Privatization of critical public services such as education, access to water, healthcare and housing increases inequalities and adds to obstacles that women and girls face in attaining true women’s rights.

To fight for ourselves and each other is, historically and even to this day, a radical notion that causes fractitious division in the women’s movement. Many feel that their voices are not being heard. Many feel that, at a critical time to show unity and strength, only the feminist issues linked to securing a constituent’s vote (ex.: equal pay, birth control, maternity leave) were brought to light as a way to increase attendance and voter turnout for the most recent Congressional and Presidential elections. Natasha Johnson, founder of Globalizing Gender, says “We’ve siloed, we’ve stepped over and around each other and we don’t give each other space to admit when we’ve messed up.  So instead of accepting each other, we see each other as enemy, while the structures we protest fortify.  We have collective consciousness, diverse techniques and detailed experiences that can aide one another in ways that we can’t even imagine because we’ve never seen it done like that before, except at center.”  
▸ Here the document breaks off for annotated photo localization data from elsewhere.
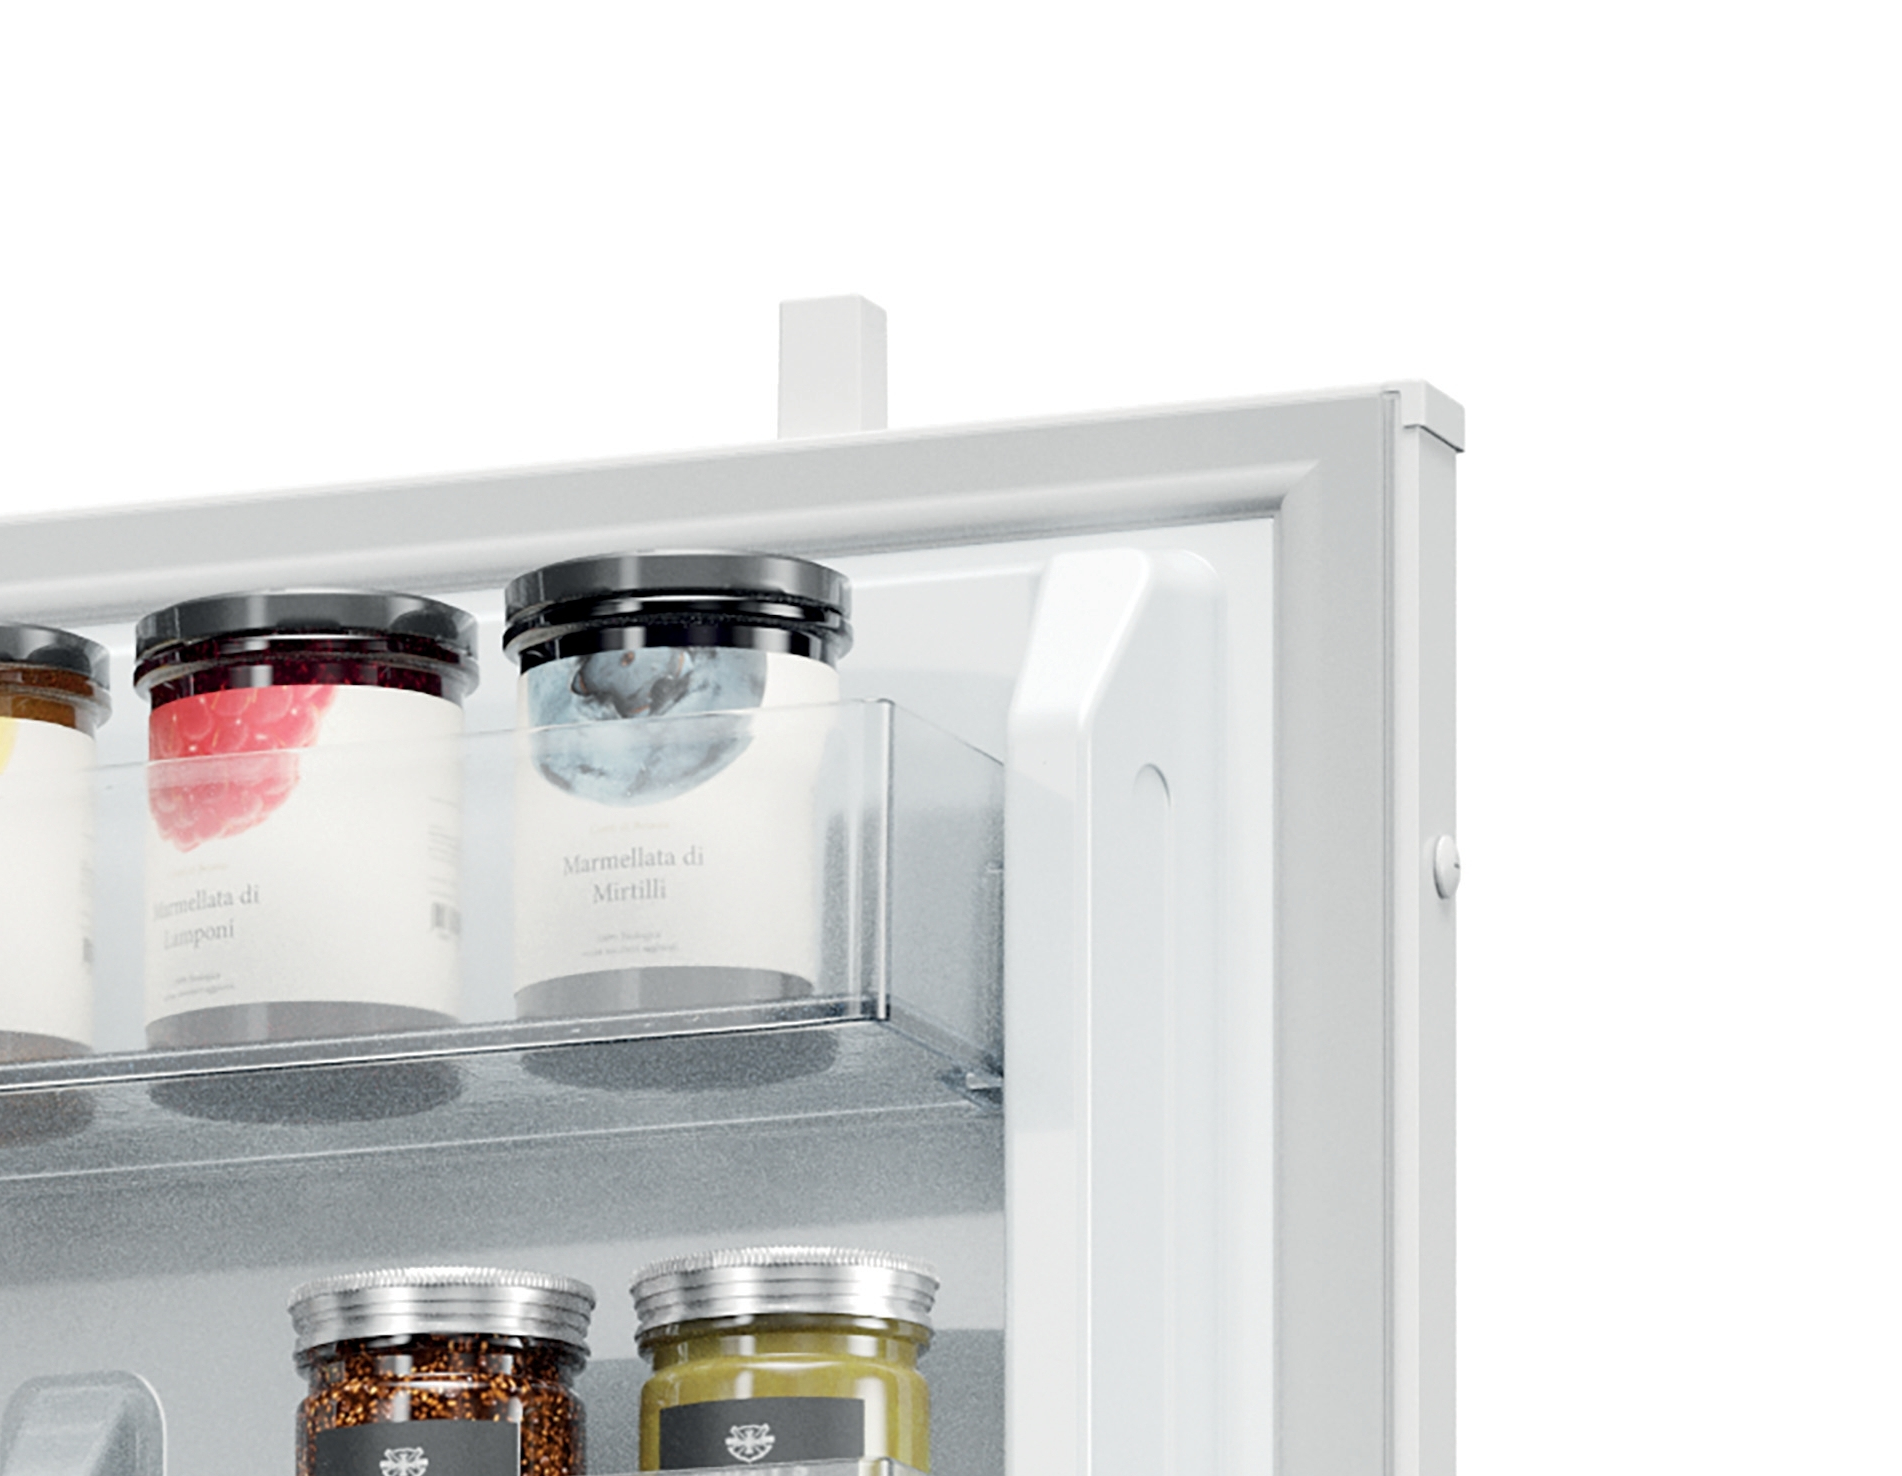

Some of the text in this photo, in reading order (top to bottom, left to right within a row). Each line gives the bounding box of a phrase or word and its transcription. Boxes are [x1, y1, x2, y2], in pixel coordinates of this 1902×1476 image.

[563, 844, 703, 876] Marmellata di
[240, 883, 260, 905] di
[592, 878, 667, 904] Mirtilli
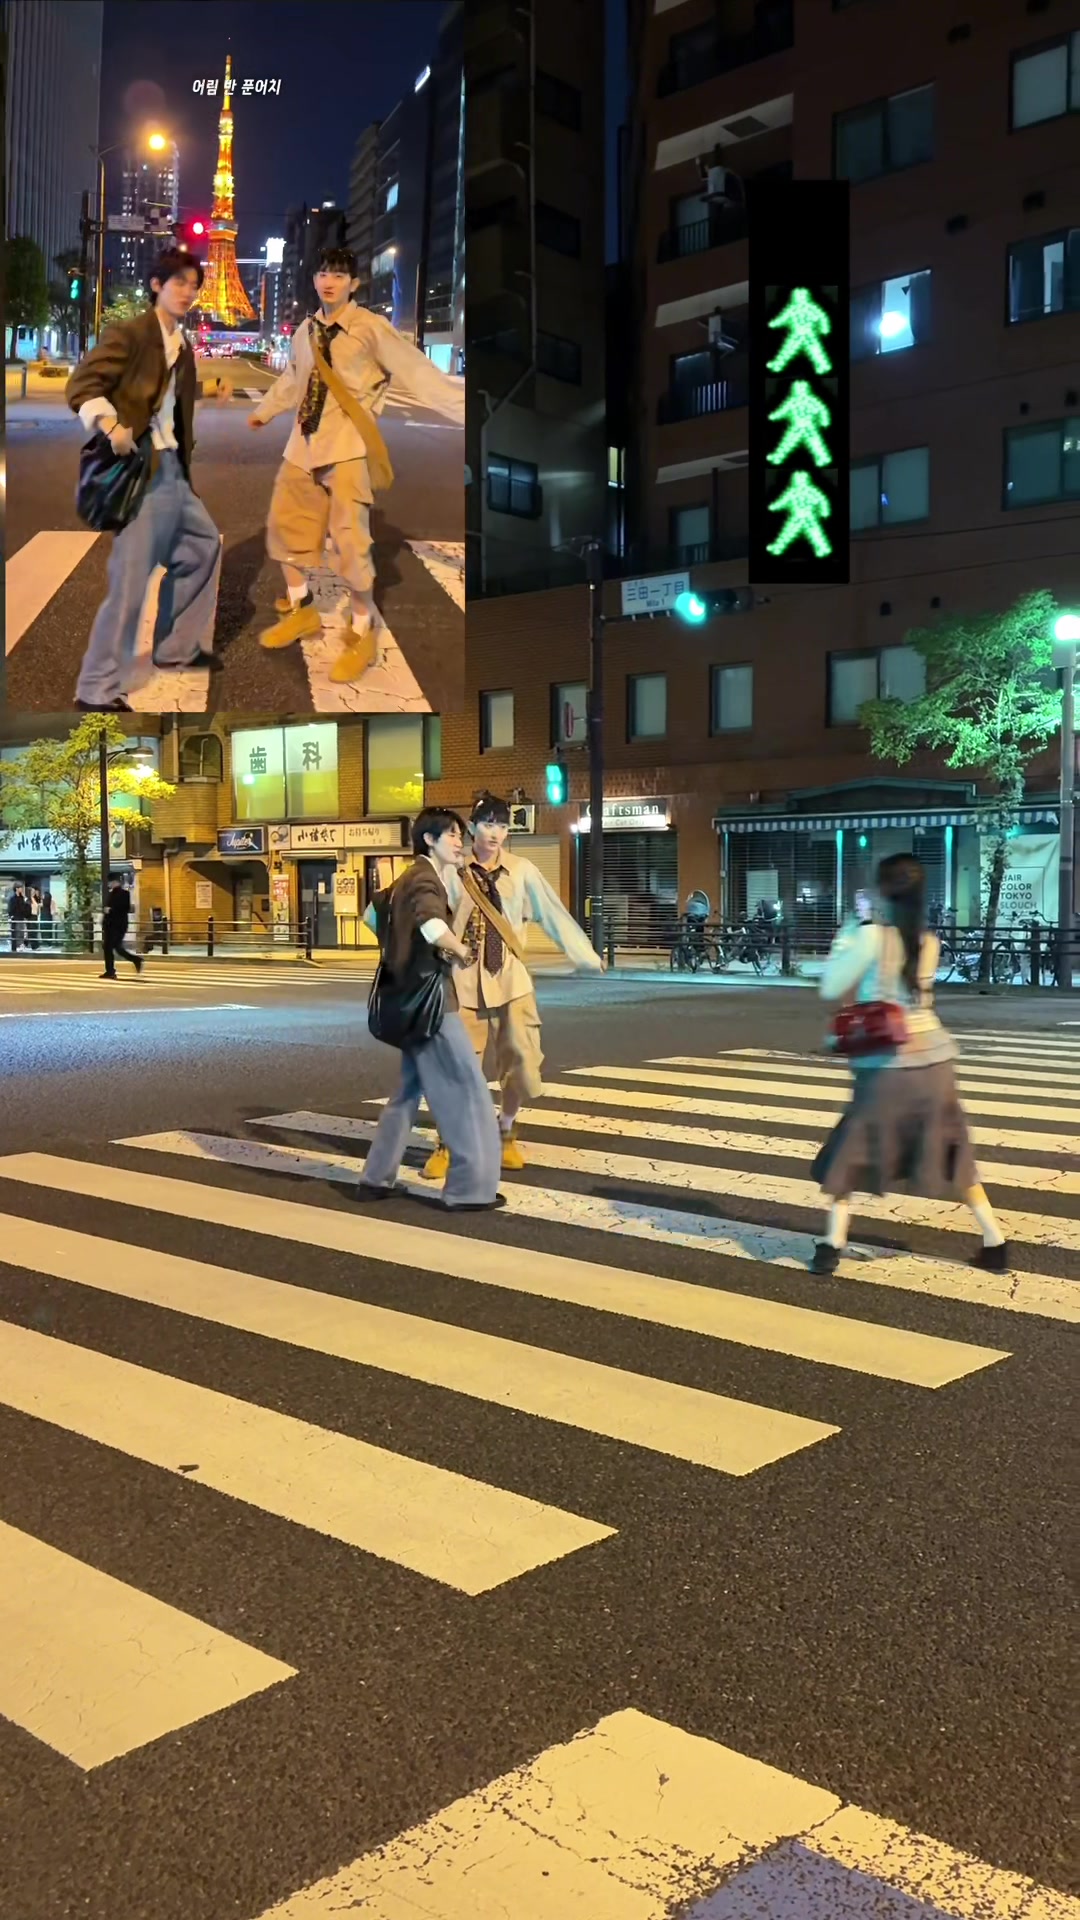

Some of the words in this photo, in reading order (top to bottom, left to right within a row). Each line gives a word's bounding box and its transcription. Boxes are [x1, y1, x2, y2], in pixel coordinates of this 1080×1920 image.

[627, 581, 684, 601] 三田一丁目
[249, 741, 322, 774] 歯科
[586, 804, 659, 816] Caftsman
[1000, 883, 1032, 891] COLOR
[1000, 892, 1032, 900] TOKYO
[1000, 901, 1037, 910] SLOUCH
“We must go beyond having trans women speak and share their brilliance for a one-off event. We have to go beyond saying that transwomen are included, we have to show it by putting them in leadership positions and building pipelines to leadership.”

The dismantling of patriarchy does not come just from demanding equal rights for women. It comes from understanding and demanding a radical and revolutionary restructuring of the system that incarcerates more individuals than anywhere else in the world; it demands access to clean water and air in all zip codes; it requires a reckoning of the inherent distrust and disbelief of women which results in the highest maternal mortality rates in the developed world; it demands undoing colonial and capitalist outsourcing through continued hegemonic entitlement; it demands racial justice. 

Despite shortcomings, there is now a focus on feminist movements, and it is an opportunity for us to envision something bolder and broader.